Agencies in Washington state have begun sending separation notices to employees who have not yet shown evidence that they have been vaccinated against COVID-19.
Licensing Department spokesman Nathan Olson told The Seattle Times that it had sent 66 separation letters Friday to workers who have not yet presented proof of vaccination or applied for a vaccine exemption. Department of Labor and Industry spokesman Matt Ross told the Times that his agency sent 140 letters on Saturday and planned to send more on Monday.
Other larger agencies, such as the Washington State Patrol, the Department of Corrections, and the Department of Social and Health Services, are also trying to establish which of their employees have not yet been vaccinated.
The Department of Corrections said it had previously sent about 1,000 preliminary notices to workers to confirm whether they had been vaccinated. The agency has about 8,600 employees who run the state’s 12 prisons.
Spokesman Jack Coe told the Times that most department employees who received these initial notices were represented by a union and would therefore go through an investigational process before a formal notice of separation could be sent.
The separation notice comes after Washington Gov. Jay Inslee (D) mandated in August that all state workers, onsite contractors and volunteers must receive one of three COVID-19 vaccines by October 18, or be terminated. needed.
The requirement also applies to employees in higher education, childcare, K-12 education workers, and most healthcare workers working in private health care and long-term care settings, as well as telecommuting state employees. Inslee later updated the measure to include an expansion of the statewide mask mandate to all individuals regardless of vaccination status.
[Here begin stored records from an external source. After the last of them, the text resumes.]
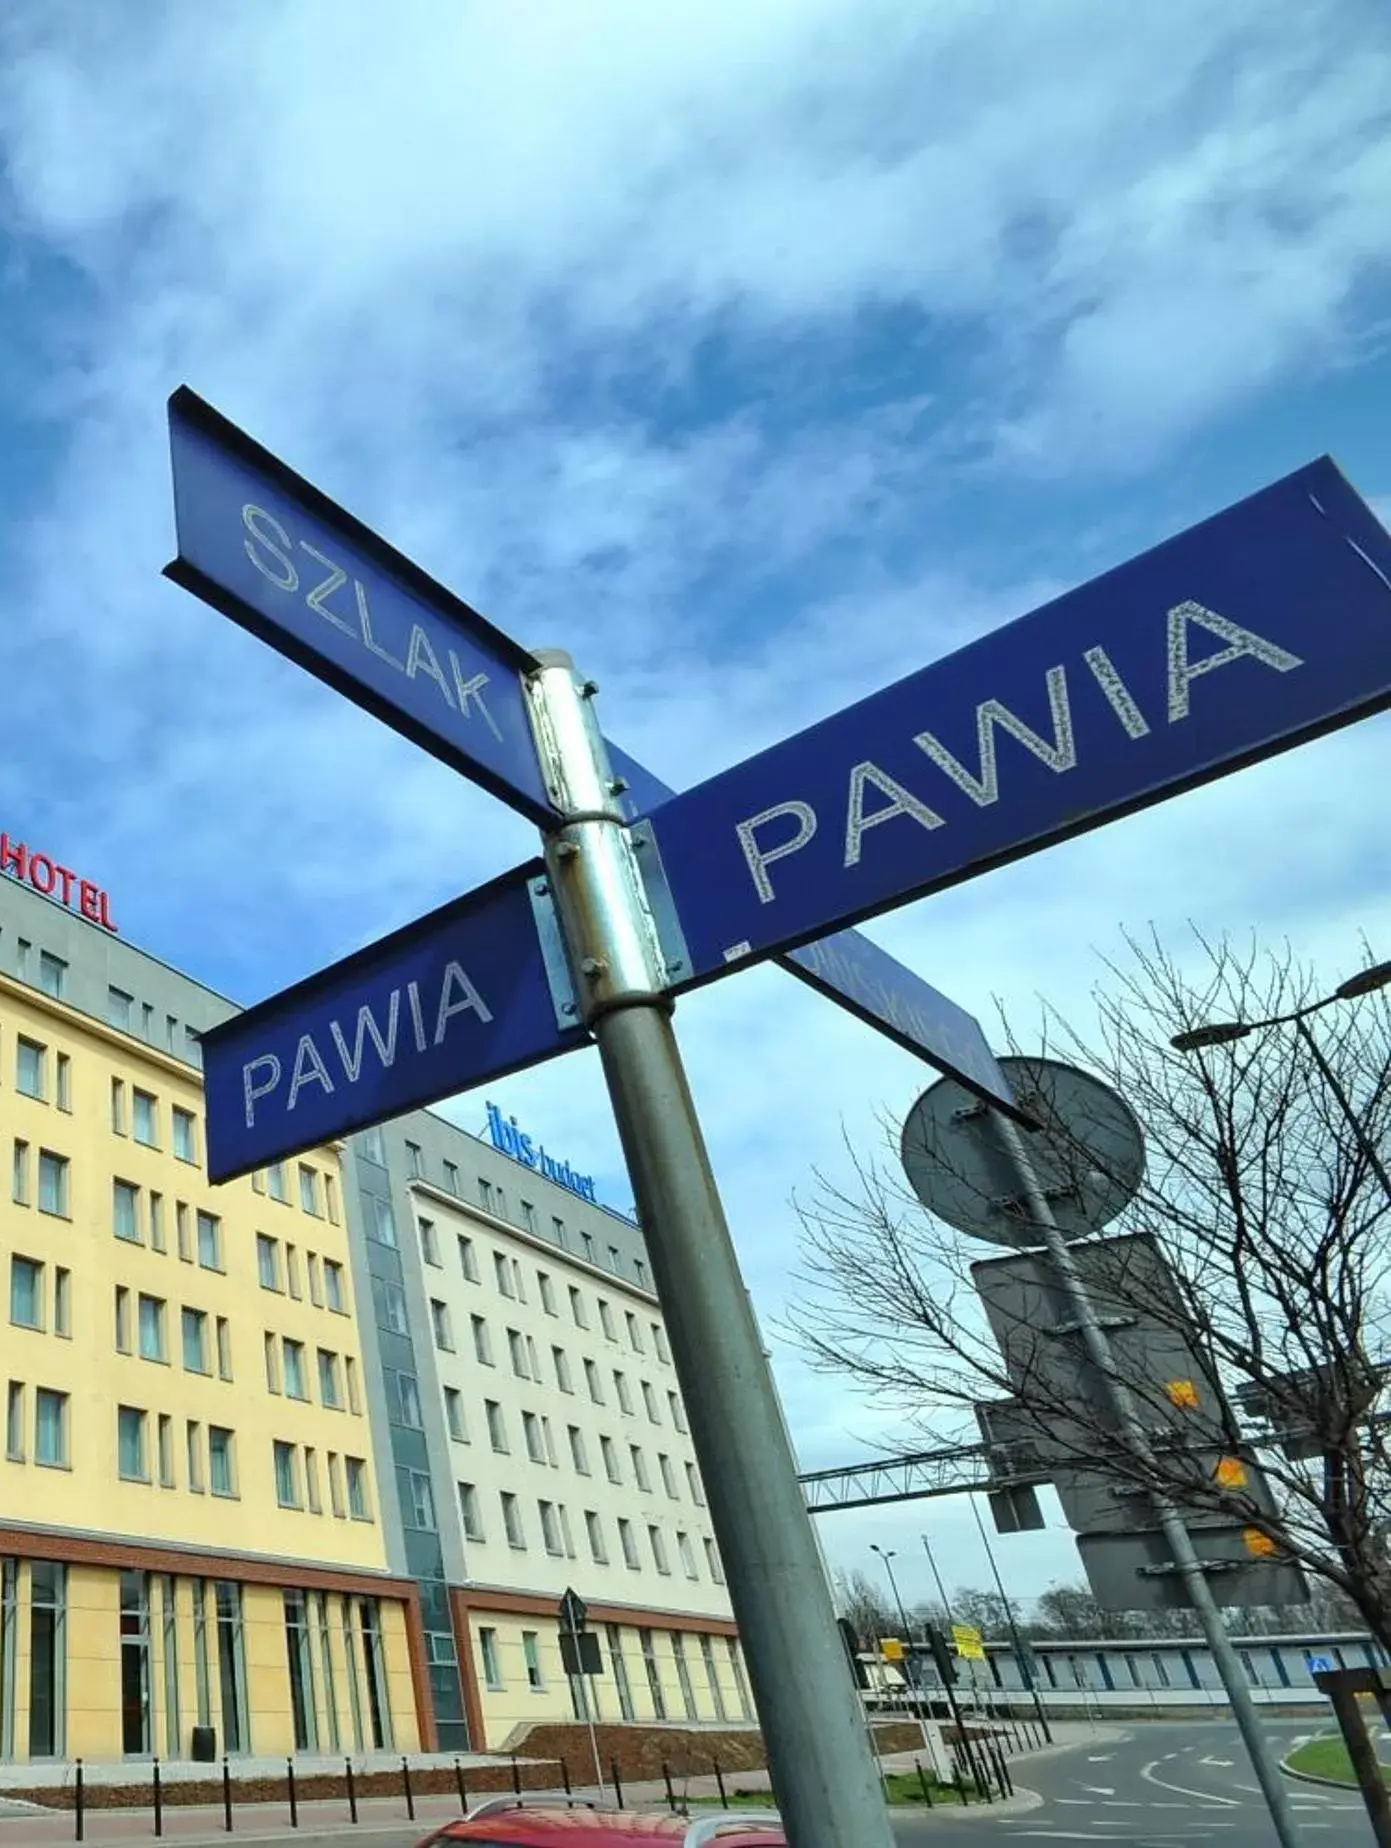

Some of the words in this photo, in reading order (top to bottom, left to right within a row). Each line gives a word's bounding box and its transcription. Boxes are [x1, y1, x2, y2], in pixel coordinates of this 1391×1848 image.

[242, 503, 504, 743] SZLAK
[735, 599, 1305, 905] PAWIA
[0, 831, 118, 933] HOTEL
[242, 960, 494, 1129] PAWIA
[485, 1099, 537, 1169] ibis
Inslee said at the time that employees who refused vaccinations would be subject to non-disciplinary dismissal for “failing to meet job qualifications.” Employees with valid medical or religious exceptions will not be subject to dismissal. The mandate is being implemented to prevent business and school lockdowns, Inslee said.
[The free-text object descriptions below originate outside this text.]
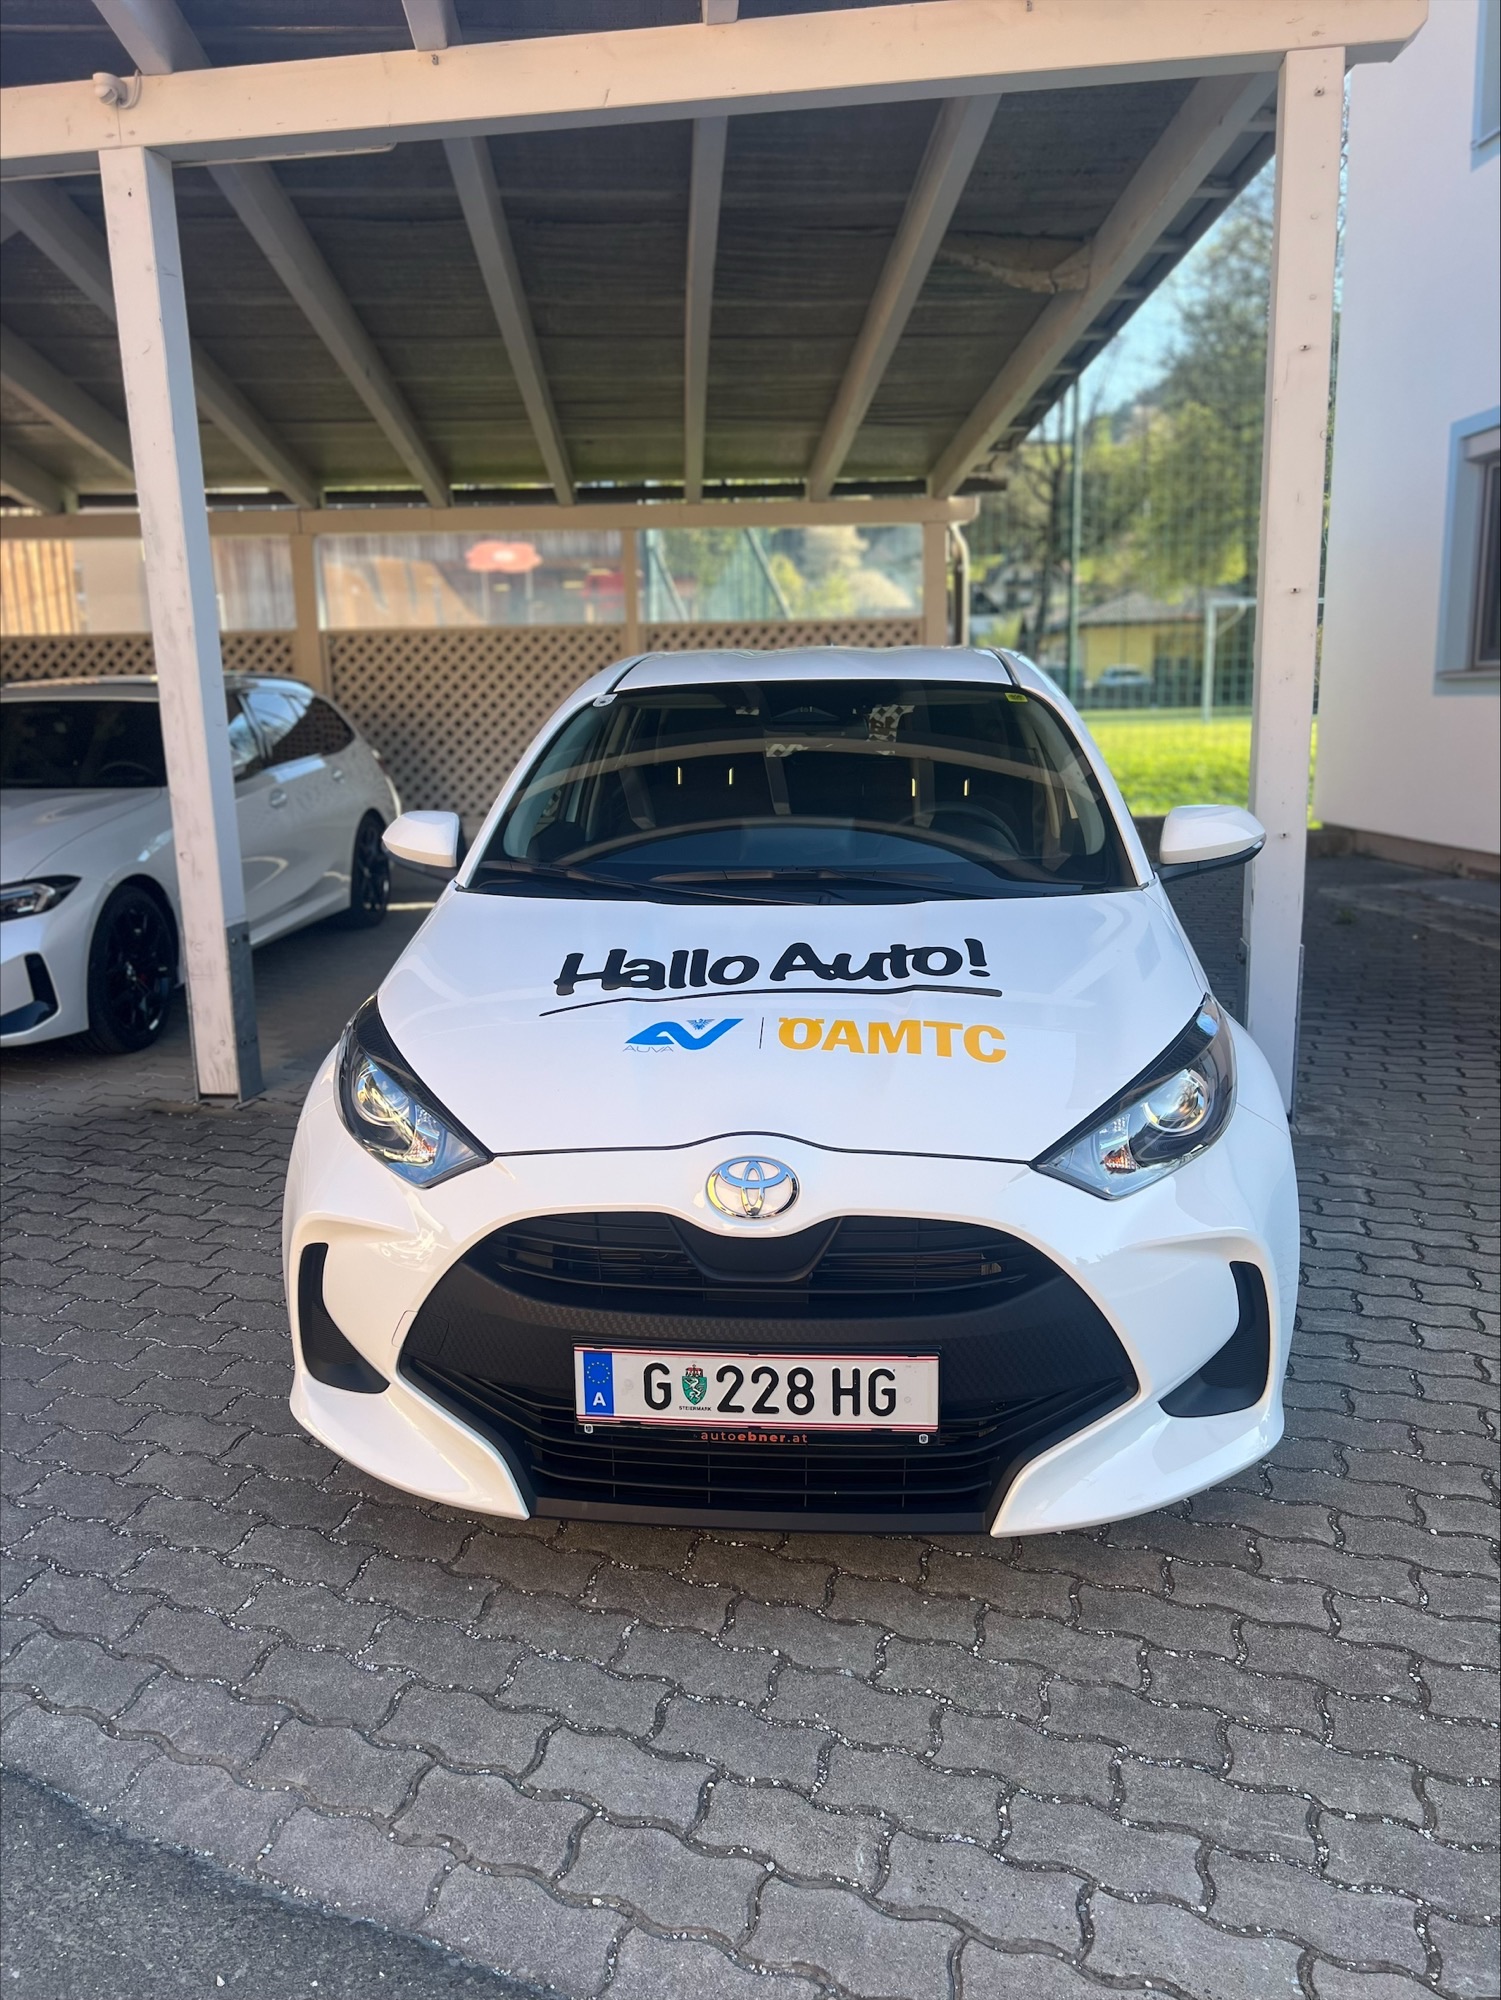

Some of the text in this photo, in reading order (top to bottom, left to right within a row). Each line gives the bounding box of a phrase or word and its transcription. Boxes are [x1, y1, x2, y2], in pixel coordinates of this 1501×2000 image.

[553, 938, 991, 996] Hallo Auto!
[622, 1044, 674, 1053] AUVA
[778, 1016, 1007, 1063] ÖAMTC
[592, 1392, 607, 1407] A
[643, 1362, 897, 1417] G 228 HG
[700, 1431, 808, 1444] autoebner.at
The employee vaccine mandate is one of the strictest across the United States and has been heavily criticized by opponents, including a group of about 90 Washington state soldiers, firefighters and other employees who filed suit against Inslee last month which claimed that his mandate had been exceeded. violated his right to office and the rights of state workers guaranteed by the state constitution.
Other state and local governments have allowed employees to choose weekly COVID-19 tests as an alternative to vaccinations.
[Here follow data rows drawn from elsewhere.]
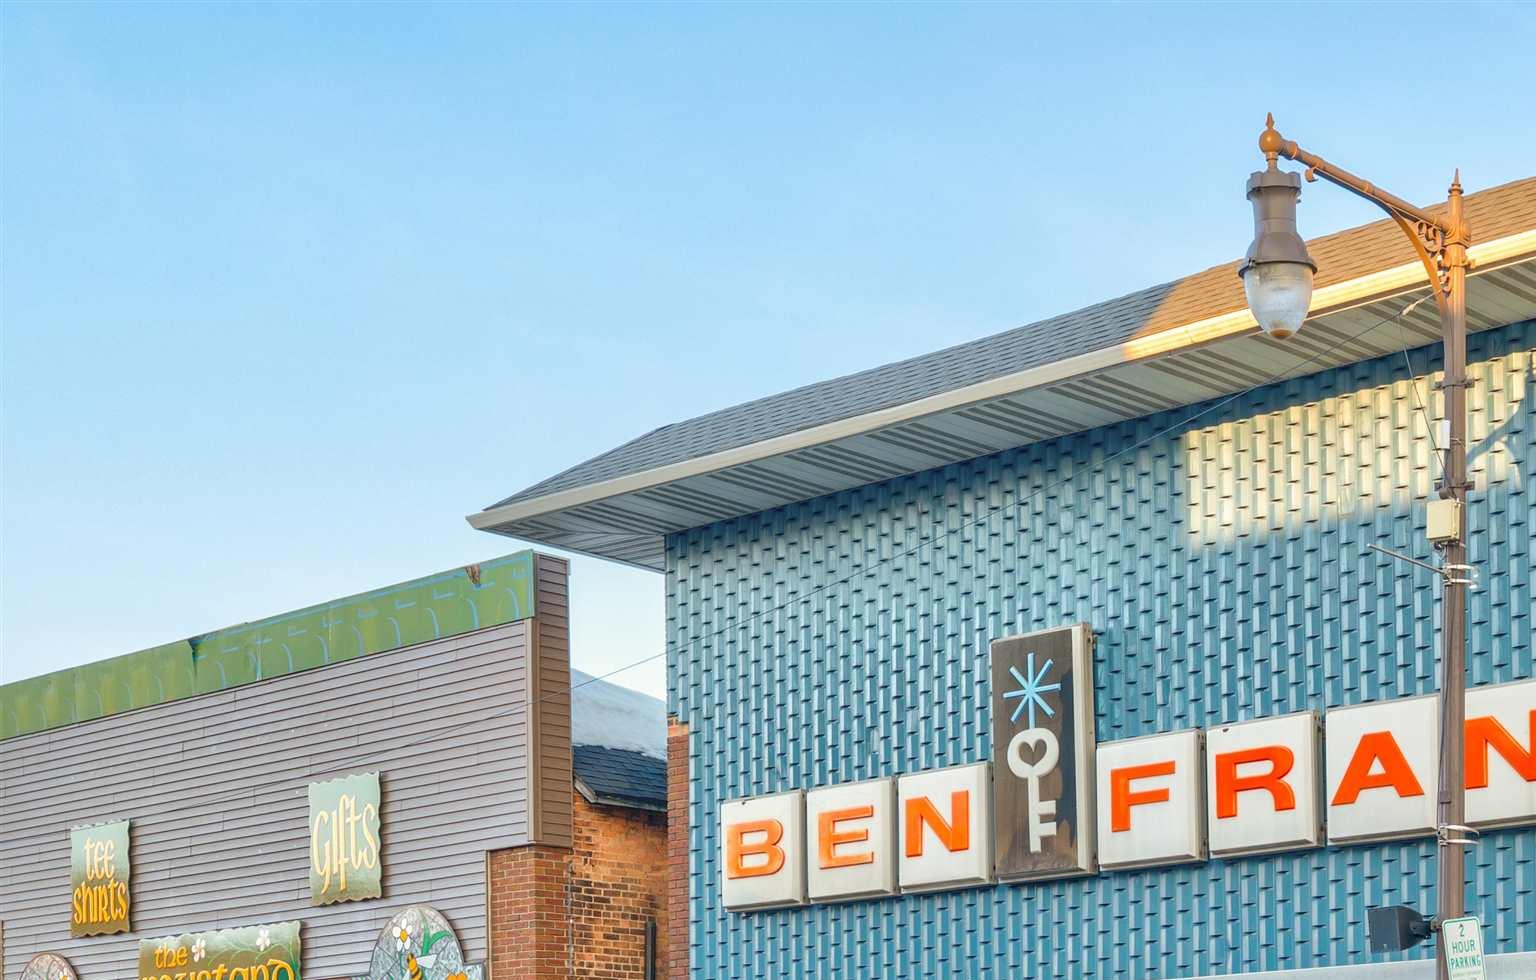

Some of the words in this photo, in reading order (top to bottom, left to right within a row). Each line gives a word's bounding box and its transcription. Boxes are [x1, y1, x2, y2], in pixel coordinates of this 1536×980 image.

[726, 789, 970, 880] BEN
[1458, 923, 1465, 937] 2
[1452, 939, 1476, 954] HOUR
[154, 944, 188, 969] the
[1450, 955, 1481, 970] PARKING
Governor Inslee’s order affects about 60,000 state workers in Washington state, but when asked by the Times about the possibility of losing workers, Inslee’s spokeswoman Tara Lee said that “the warning notices are just that, the warnings.”
“This is a snapshot in time and what the final number will be,” Lee said. “We expect more state workers to choose to get vaccinated and remain in the workforce.”
The spokesperson also said that the Department of Corrections and other agencies have worked out contingency plans to ensure that government services continue to function normally.